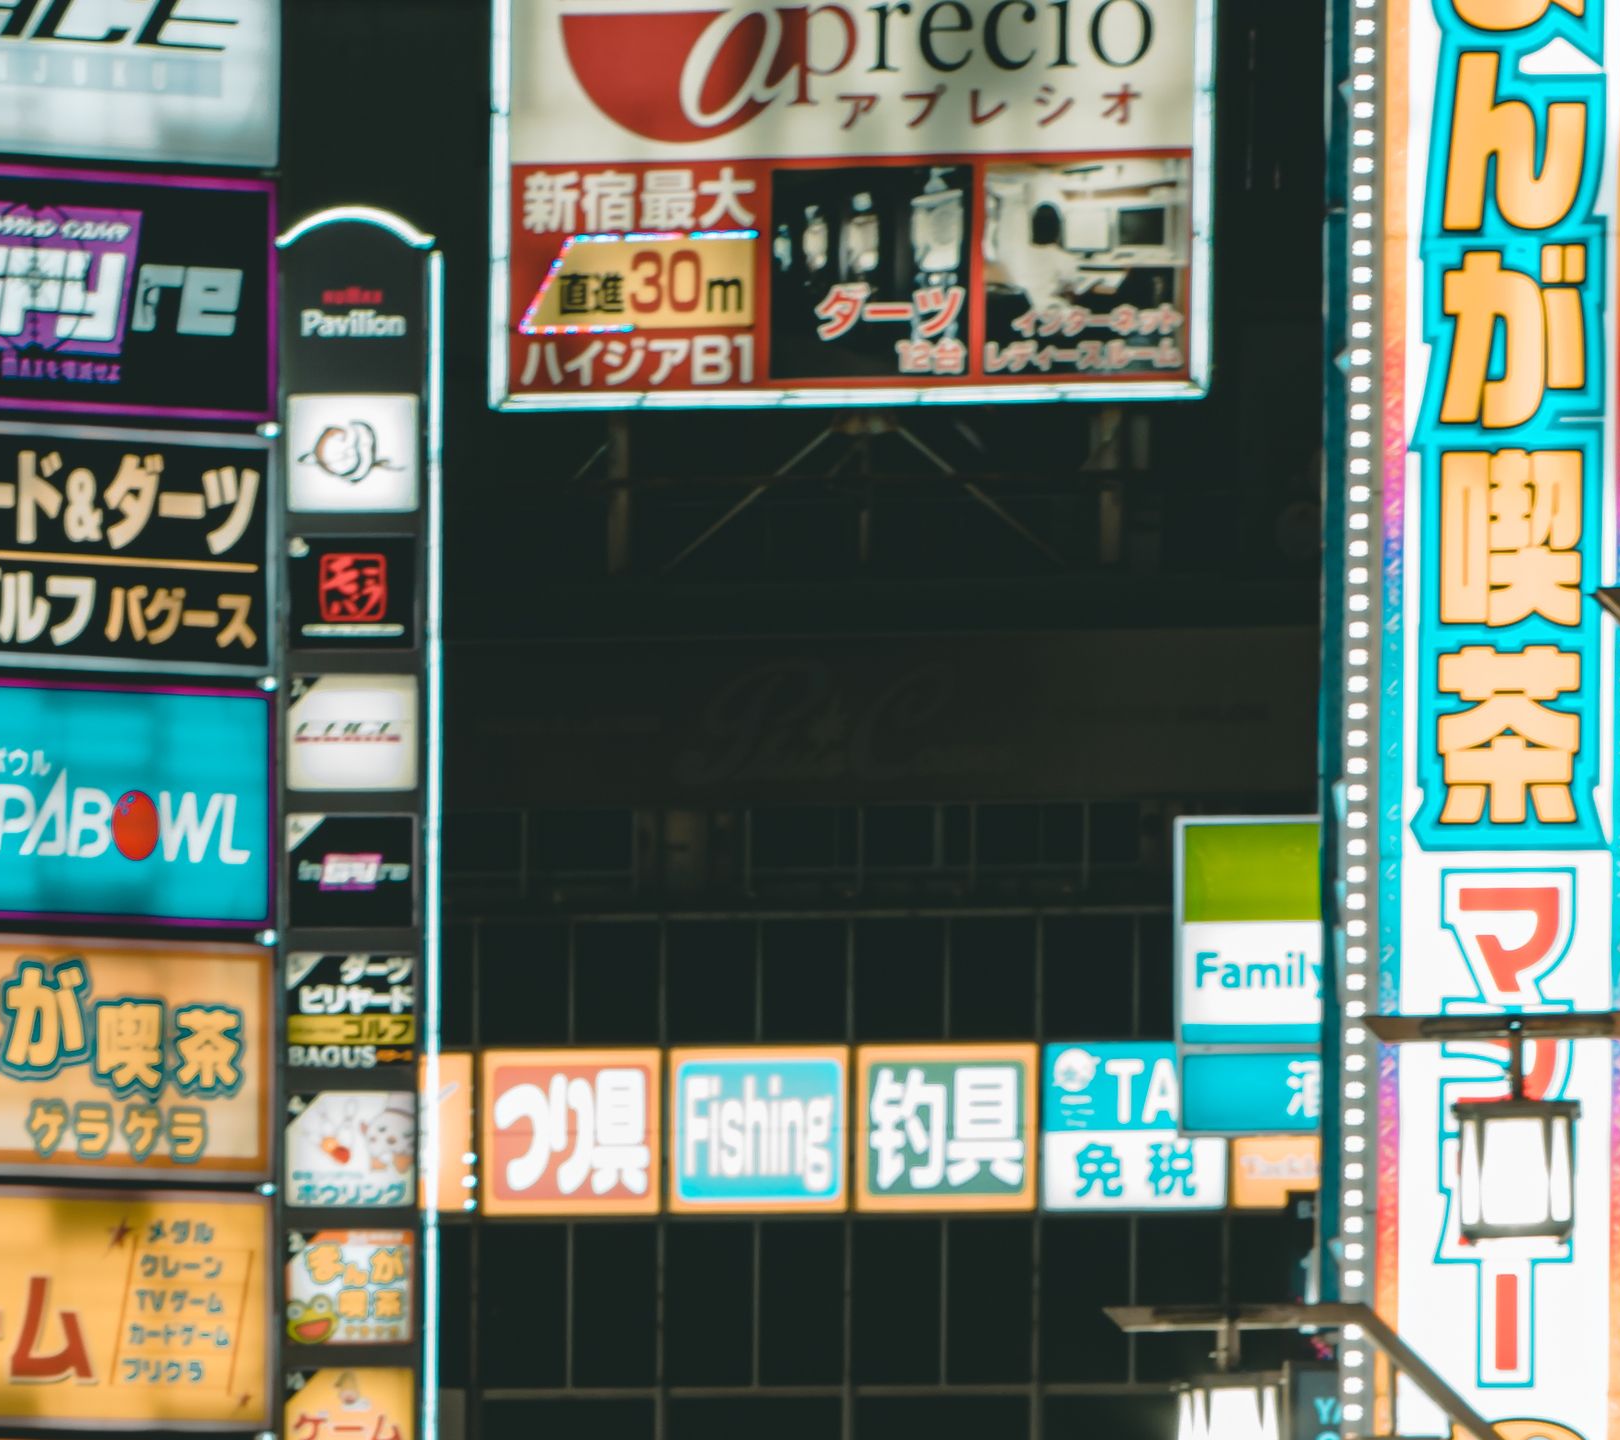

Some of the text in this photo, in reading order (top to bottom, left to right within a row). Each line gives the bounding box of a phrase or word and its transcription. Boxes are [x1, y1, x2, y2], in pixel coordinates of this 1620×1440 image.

[838, 83, 1142, 130] アプレシオ
[522, 168, 758, 234] 新宿最大
[557, 250, 746, 318] 直進30m
[300, 309, 407, 339] Pavilion
[816, 284, 966, 342] ダーツ
[520, 334, 756, 388] ハイジアB1
[896, 340, 966, 376] 12台
[339, 955, 414, 985] ダーツ
[298, 985, 415, 1014] ビリヤード
[287, 1043, 378, 1069] BAGUS
[493, 1068, 652, 1197] つり具
[683, 1073, 834, 1188] Fishing
[868, 1066, 1026, 1190] 釣具
[295, 1181, 407, 1205] ボウリング
[1073, 1140, 1198, 1200] 免税
[305, 1242, 407, 1287] まんが
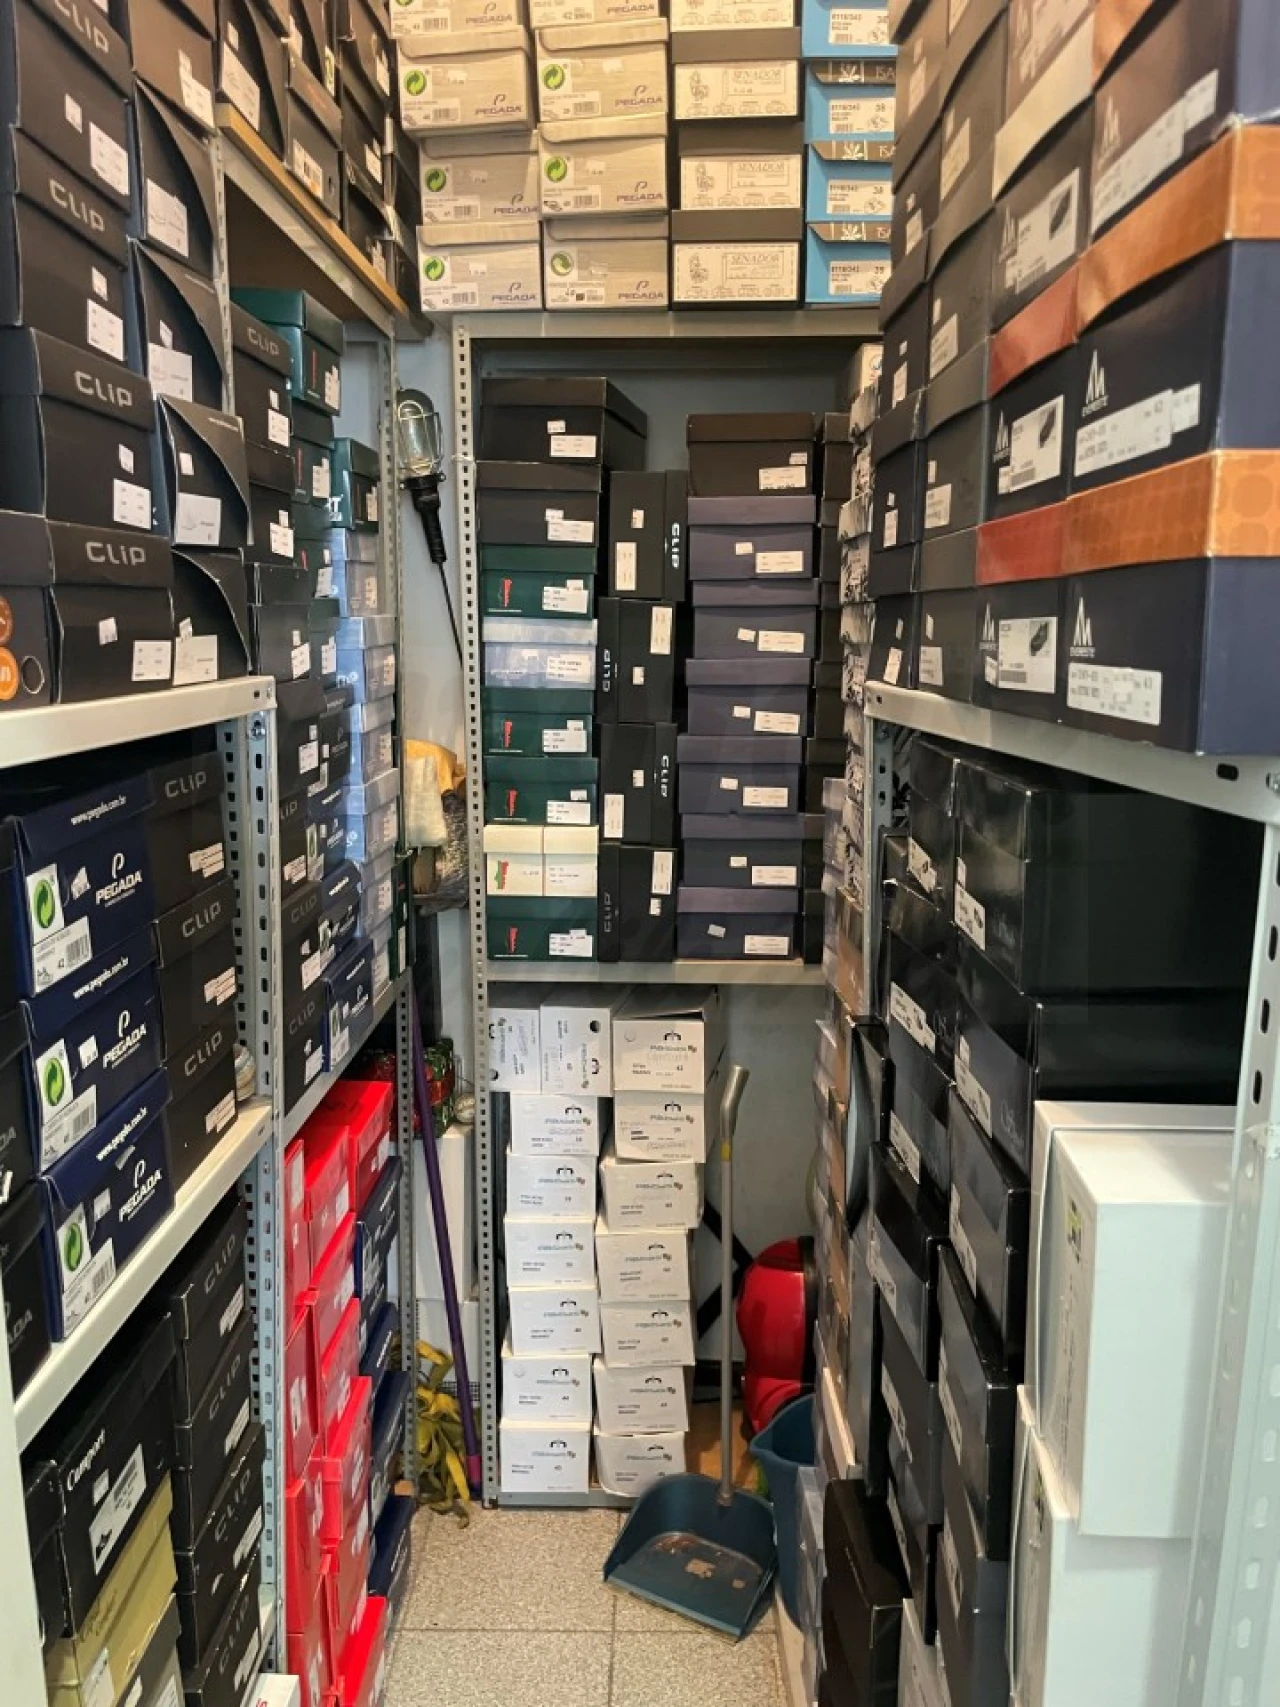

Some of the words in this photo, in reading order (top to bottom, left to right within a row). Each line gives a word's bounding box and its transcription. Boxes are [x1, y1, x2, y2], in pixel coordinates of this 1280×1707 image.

• Your goal: Without the pictures, restate all the entries above exactly.

• Answer:
Some of the text in this photo, in reading order (top to bottom, left to right within a row). Each line gives the bounding box of a phrase or word and its transcription. Boxes are [x1, y1, x2, y2], in pixel coordinates of this 1620×1440 image.

[838, 83, 1142, 130] アプレシオ
[522, 168, 758, 234] 新宿最大
[557, 250, 746, 318] 直進30m
[300, 309, 407, 339] Pavilion
[816, 284, 966, 342] ダーツ
[520, 334, 756, 388] ハイジアB1
[896, 340, 966, 376] 12台
[339, 955, 414, 985] ダーツ
[298, 985, 415, 1014] ビリヤード
[287, 1043, 378, 1069] BAGUS
[493, 1068, 652, 1197] つり具
[683, 1073, 834, 1188] Fishing
[868, 1066, 1026, 1190] 釣具
[295, 1181, 407, 1205] ボウリング
[1073, 1140, 1198, 1200] 免税
[305, 1242, 407, 1287] まんが

Some of the words in this photo, in reading order (top to bottom, left to right within a row). Each line gives a word's bounding box and its transcription. Boxes are [x1, y1, x2, y2], in pixel coordinates of this 1280×1707 image.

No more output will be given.